▶ [TASK]
For this exercise, copy the data exactly and omit any images.

(Saved entries)
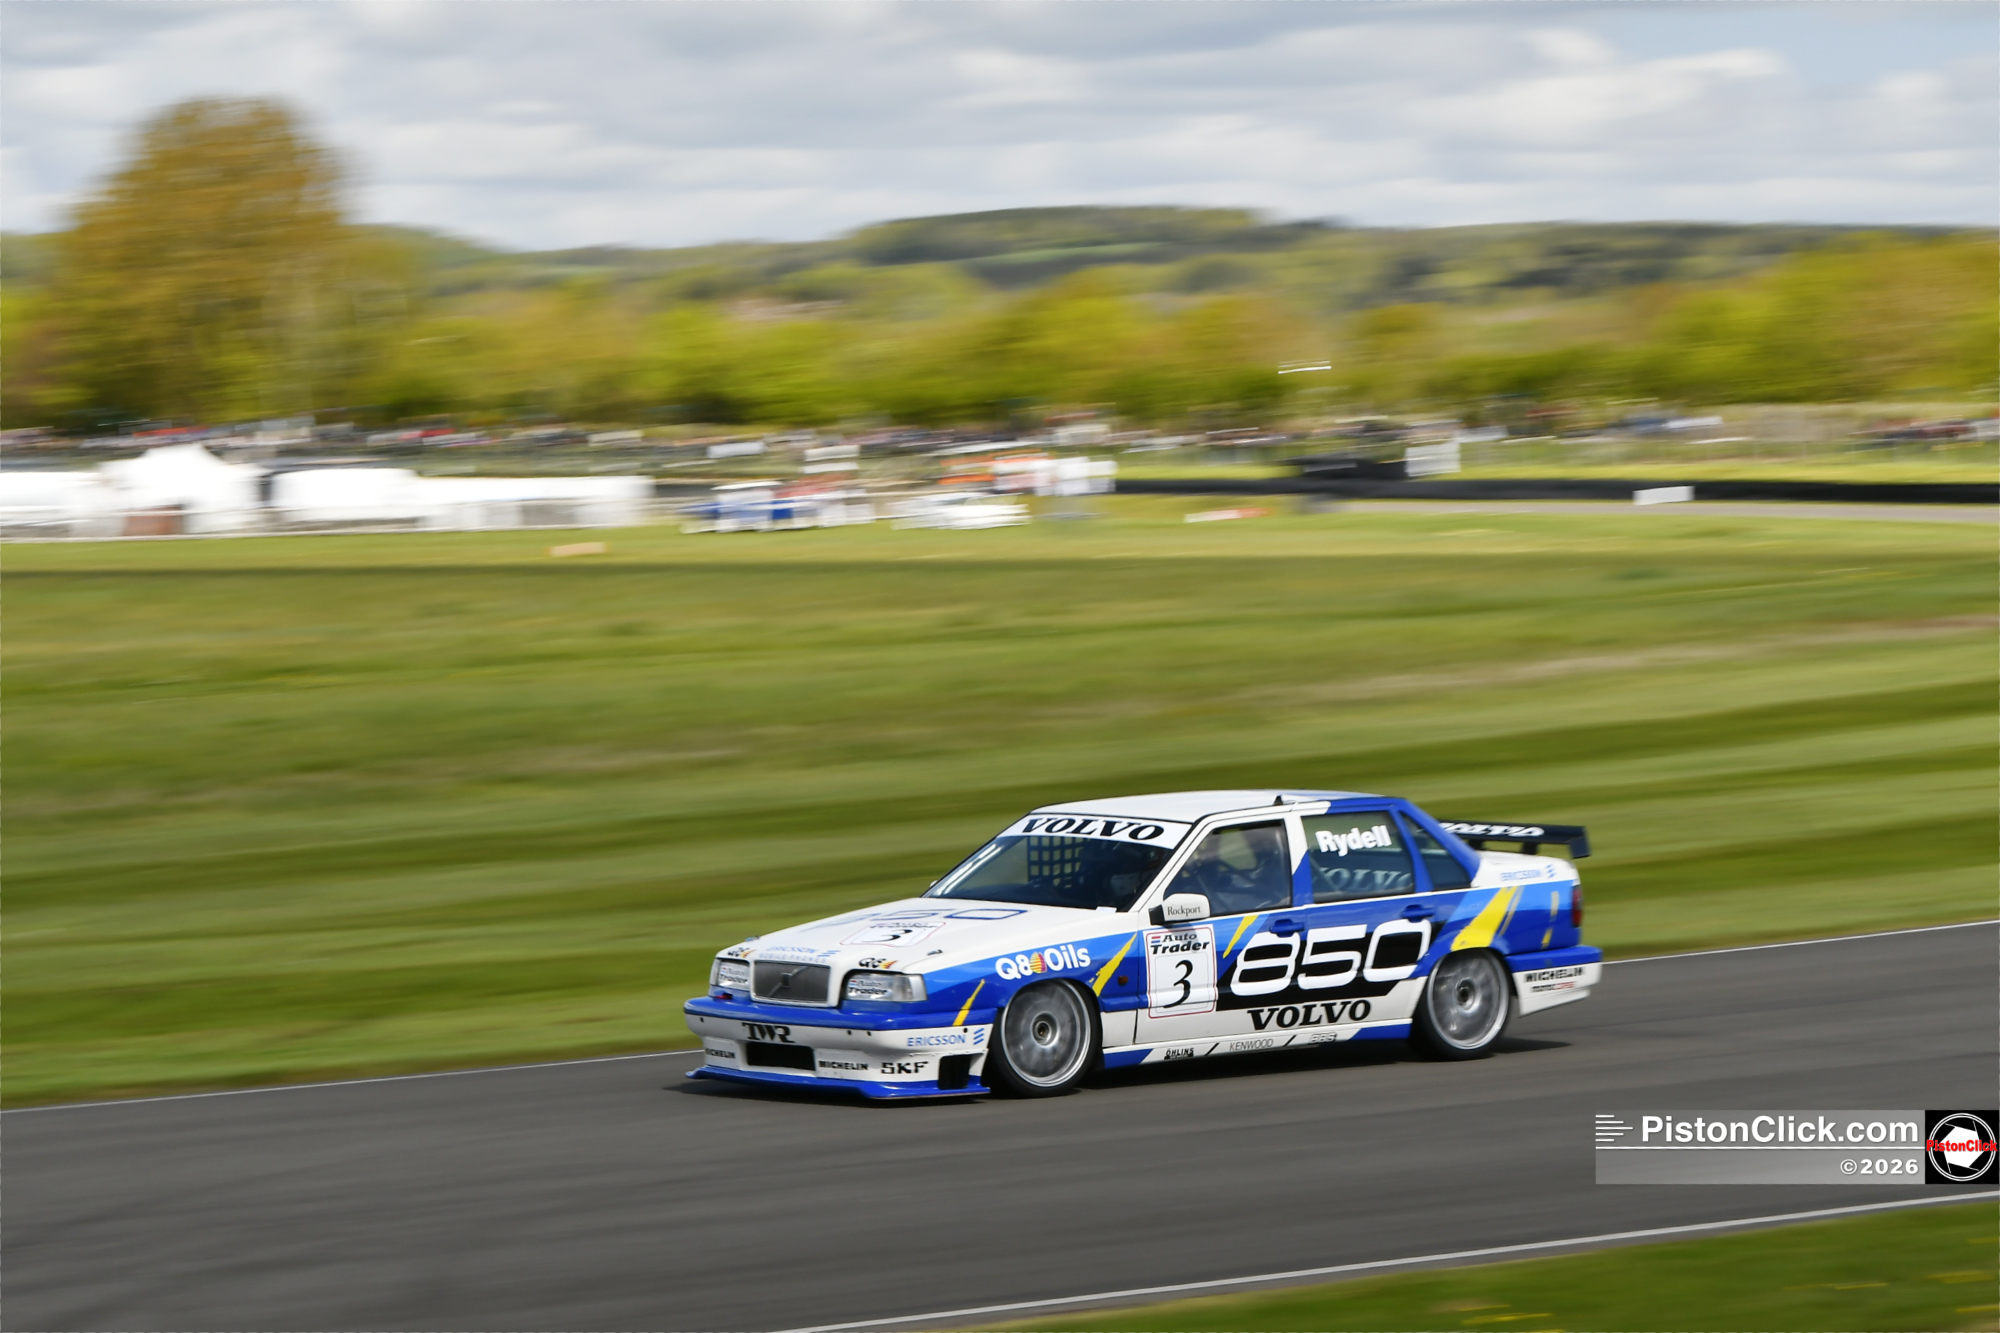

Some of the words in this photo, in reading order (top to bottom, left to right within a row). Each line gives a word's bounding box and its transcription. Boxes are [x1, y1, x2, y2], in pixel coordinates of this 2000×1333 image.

[1022, 817, 1165, 841] VOLVO
[1315, 825, 1392, 857] Rydell
[1167, 905, 1201, 917] Rockport
[1162, 932, 1198, 942] Auto
[1150, 941, 1211, 955] Trader
[995, 957, 1032, 981] Q8
[1045, 944, 1091, 972] Oils
[1230, 918, 1432, 996] 850
[1162, 959, 1194, 1009] 3
[1247, 999, 1372, 1030] VOLVO
[741, 1022, 795, 1043] TWR
[907, 1034, 967, 1047] ERICSSON
[1229, 1038, 1274, 1051] KENWOOD
[818, 1060, 869, 1070] MICHELIN
[881, 1061, 929, 1074] SKF
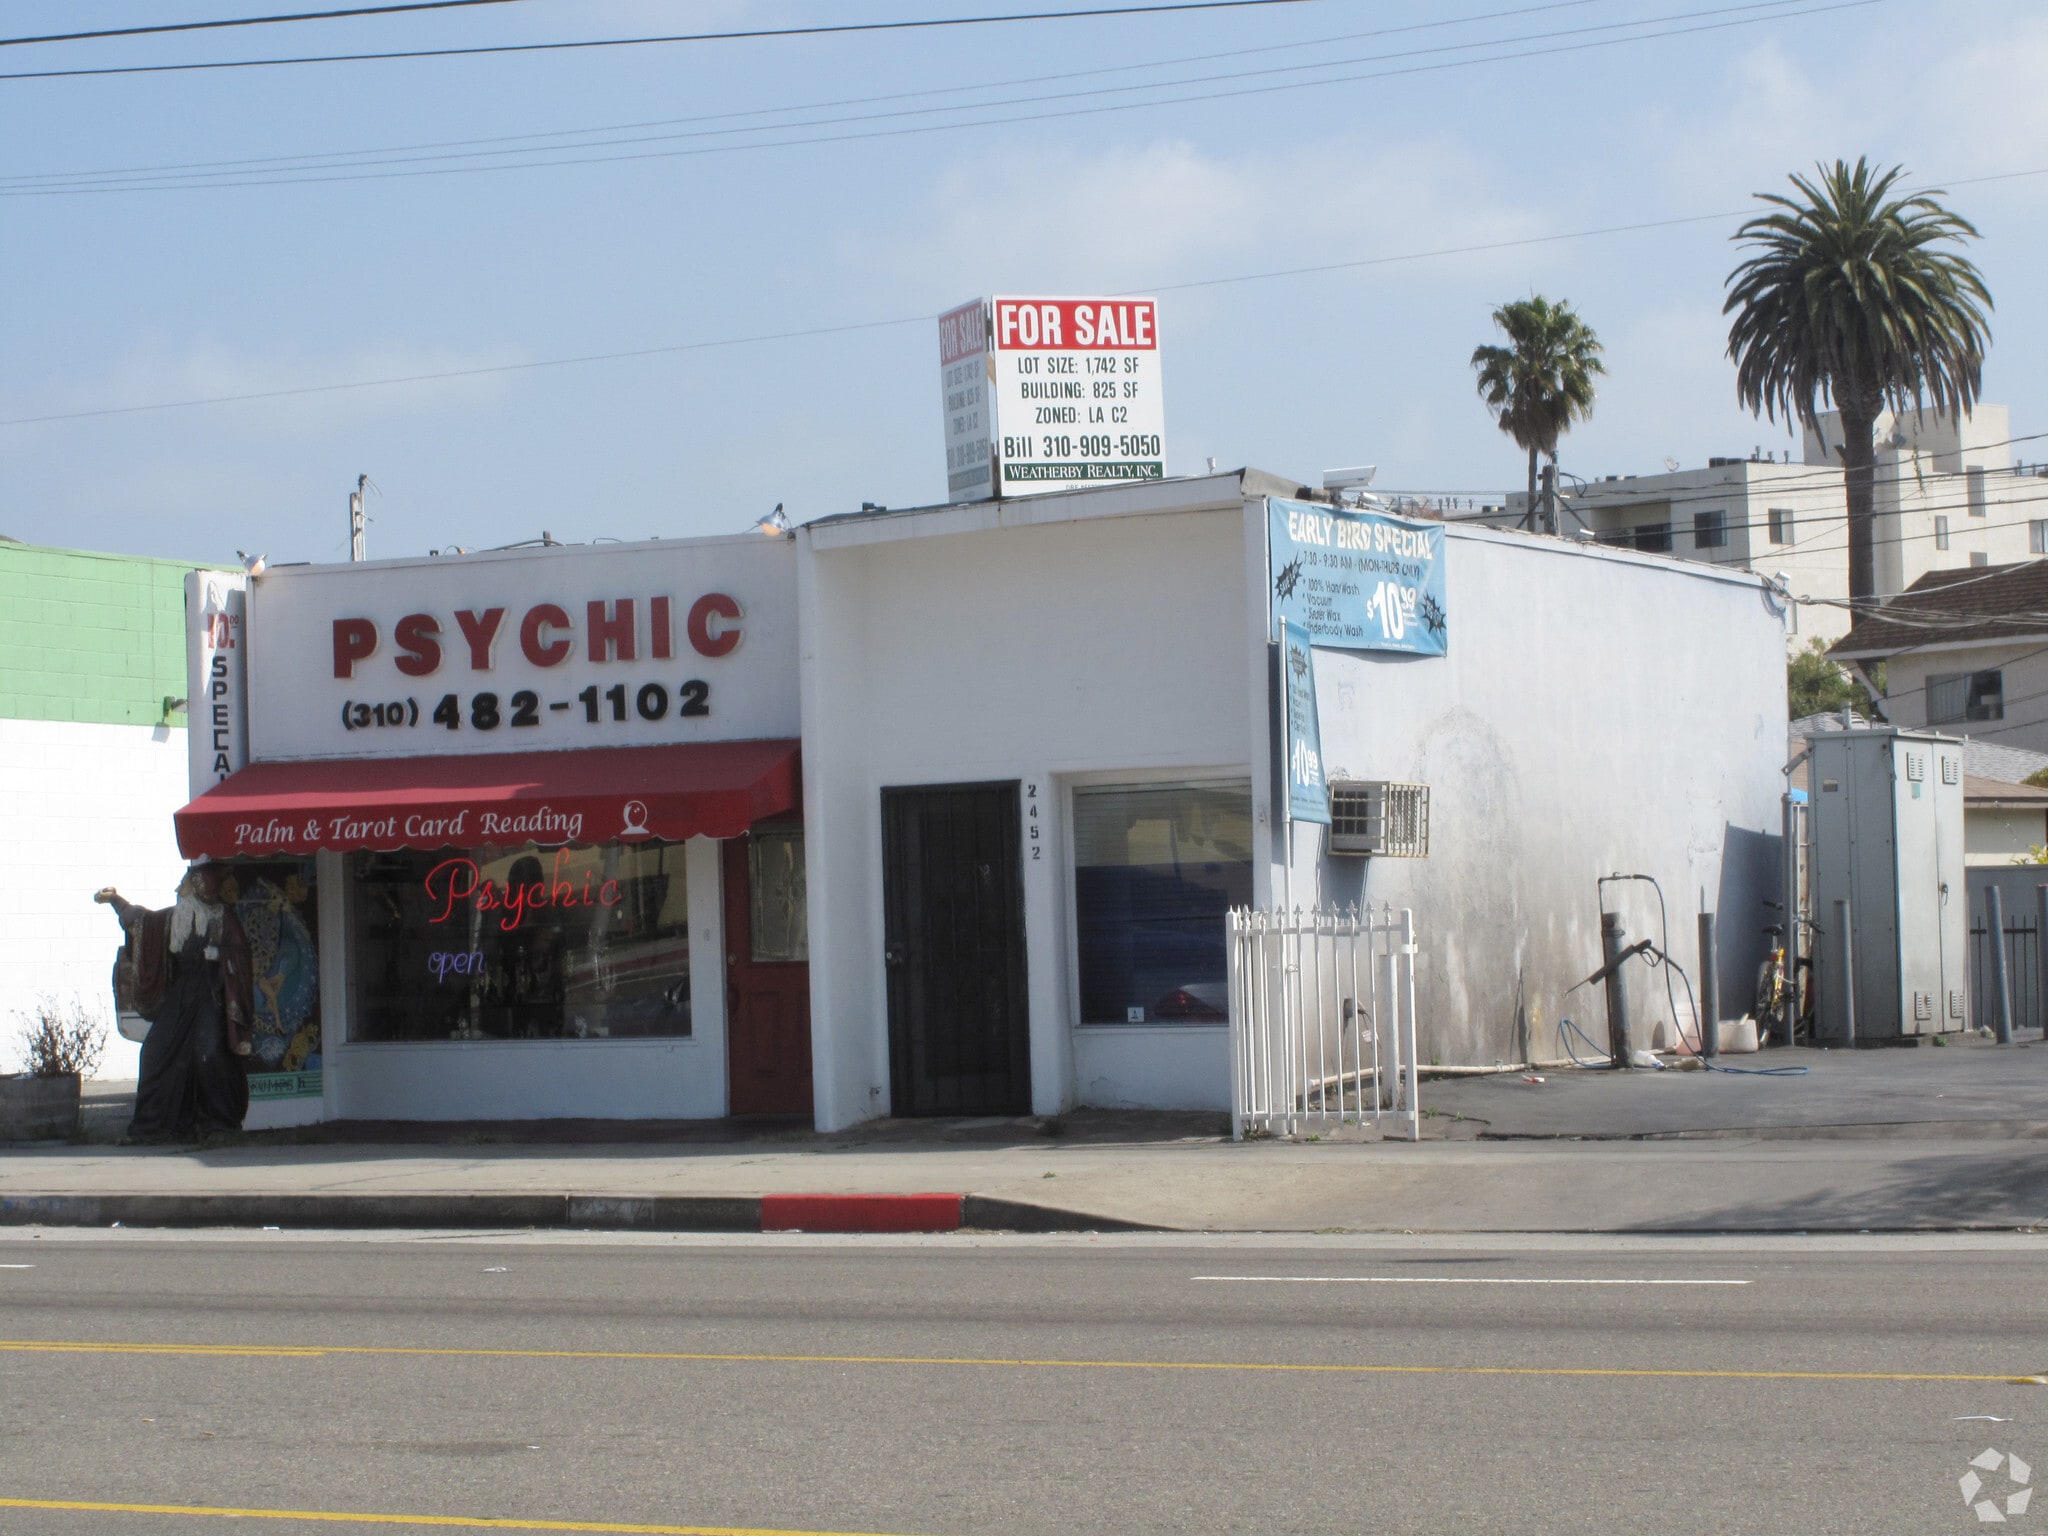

▶ [ANSWER FOR THE TASK]
Some of the words in this photo, in reading order (top to bottom, left to right within a row). Each line gives a word's bounding box and its transcription. Boxes are [x1, y1, x2, y2], in pixel coordinates of this 2000×1333 image.

[1022, 817, 1165, 841] VOLVO
[1315, 825, 1392, 857] Rydell
[1167, 905, 1201, 917] Rockport
[1162, 932, 1198, 942] Auto
[1150, 941, 1211, 955] Trader
[995, 957, 1032, 981] Q8
[1045, 944, 1091, 972] Oils
[1230, 918, 1432, 996] 850
[1162, 959, 1194, 1009] 3
[1247, 999, 1372, 1030] VOLVO
[741, 1022, 795, 1043] TWR
[907, 1034, 967, 1047] ERICSSON
[1229, 1038, 1274, 1051] KENWOOD
[818, 1060, 869, 1070] MICHELIN
[881, 1061, 929, 1074] SKF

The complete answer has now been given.